Assignment: Exactly repeat all the records below, omitting the images they hold.

Records for this task:
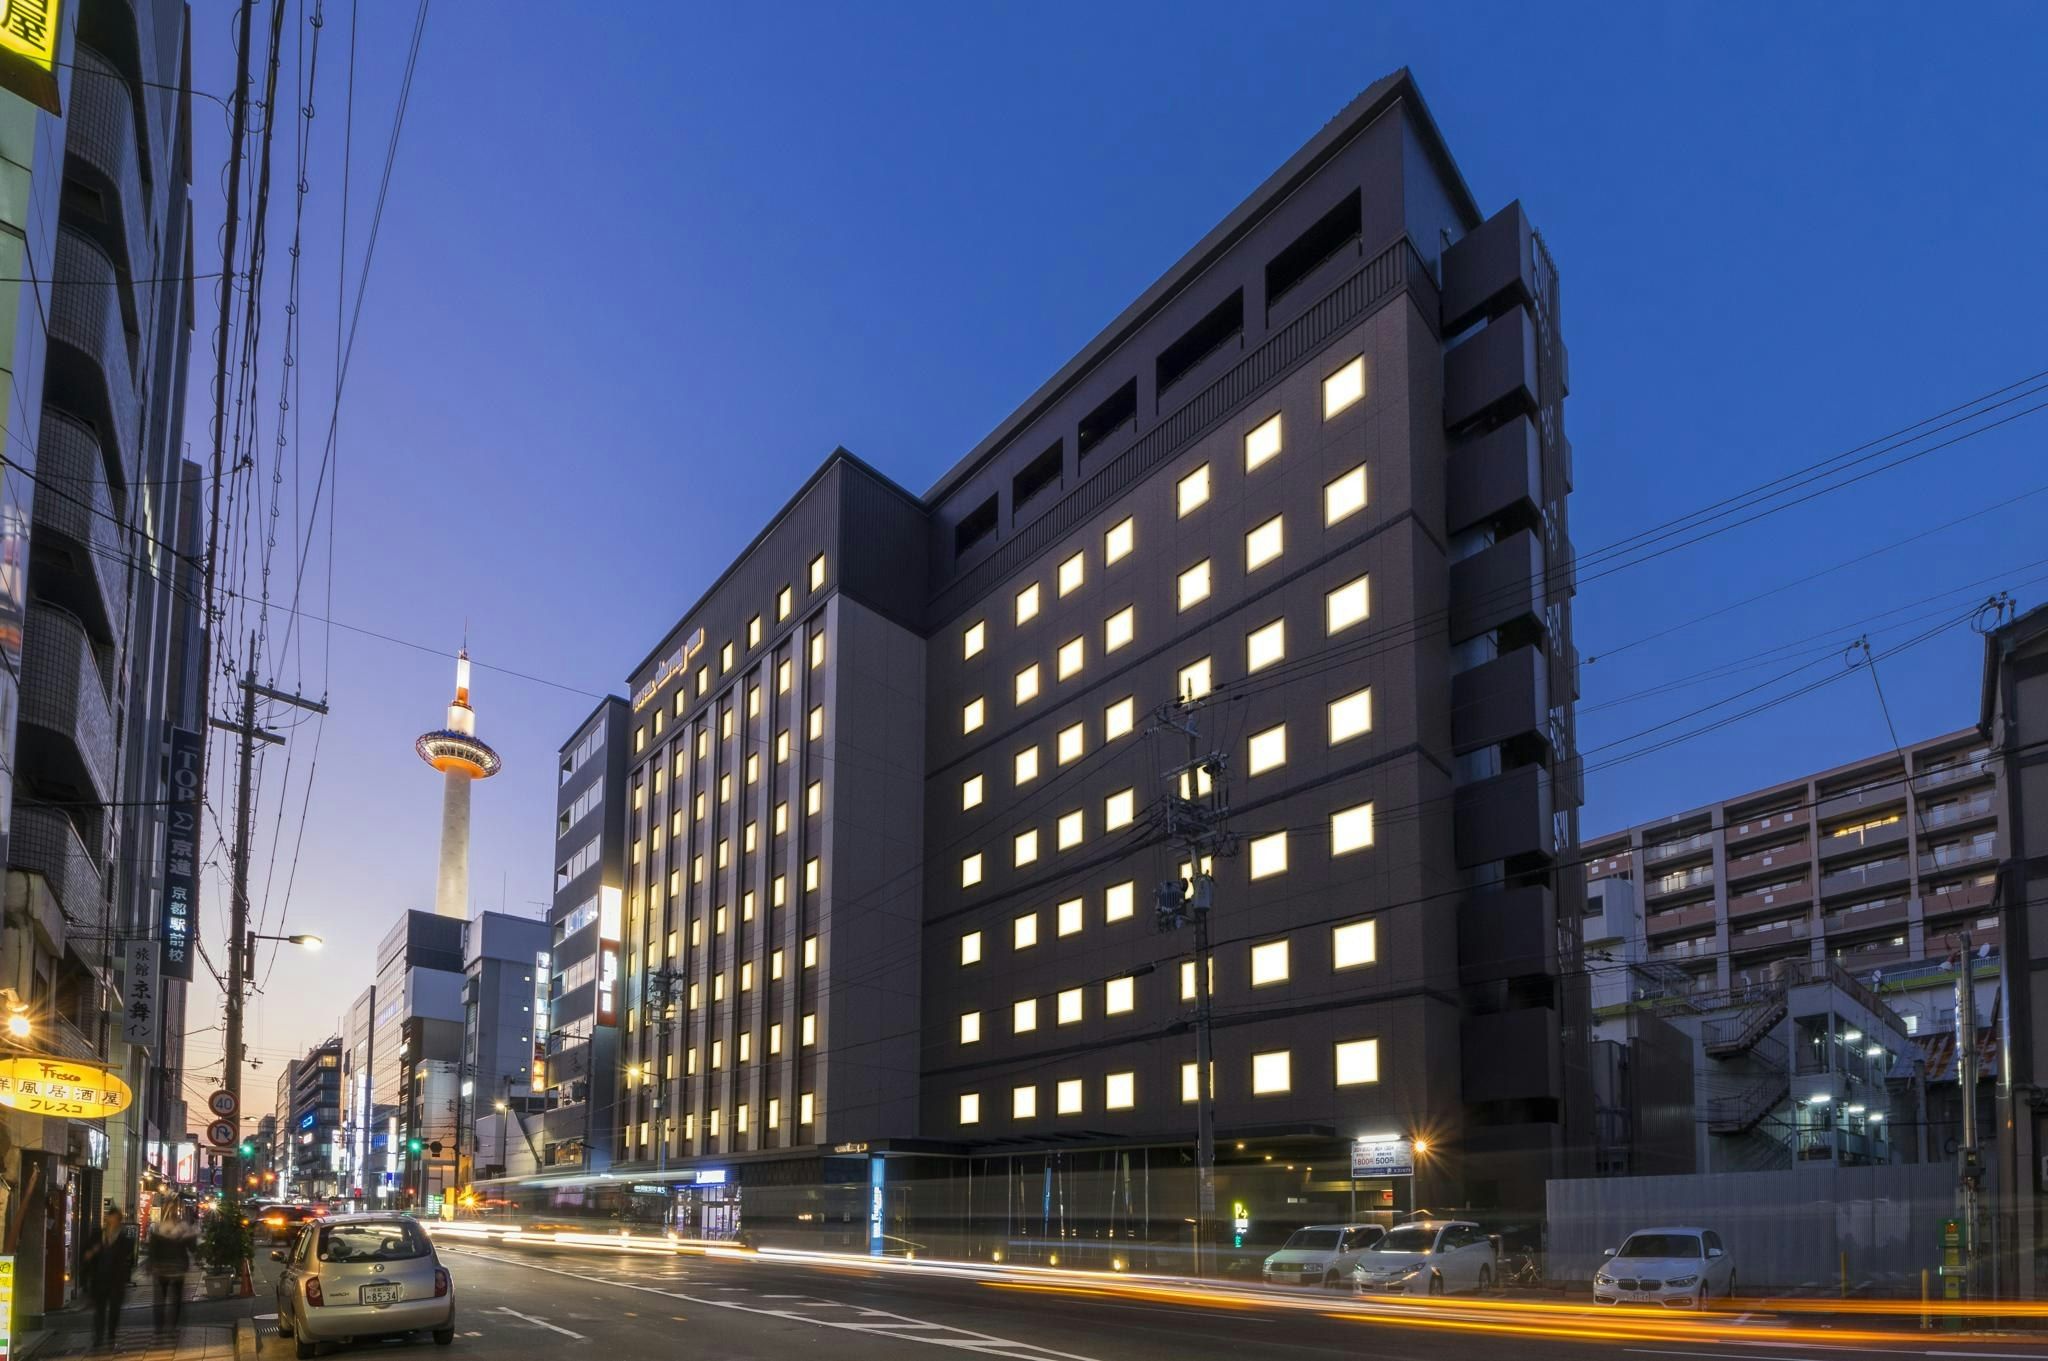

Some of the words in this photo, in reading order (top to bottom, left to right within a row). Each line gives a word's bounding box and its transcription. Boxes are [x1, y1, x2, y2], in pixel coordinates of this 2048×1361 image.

[38, 1062, 81, 1082] Fresco
[30, 1099, 83, 1114] フレスコ
[215, 1097, 233, 1110] 40
[372, 1292, 396, 1302] 85-34

Problem solution:
Some of the words in this photo, in reading order (top to bottom, left to right within a row). Each line gives a word's bounding box and its transcription. Boxes are [x1, y1, x2, y2], in pixel coordinates of this 2048×1361 image.

[38, 1062, 81, 1082] Fresco
[30, 1099, 83, 1114] フレスコ
[215, 1097, 233, 1110] 40
[372, 1292, 396, 1302] 85-34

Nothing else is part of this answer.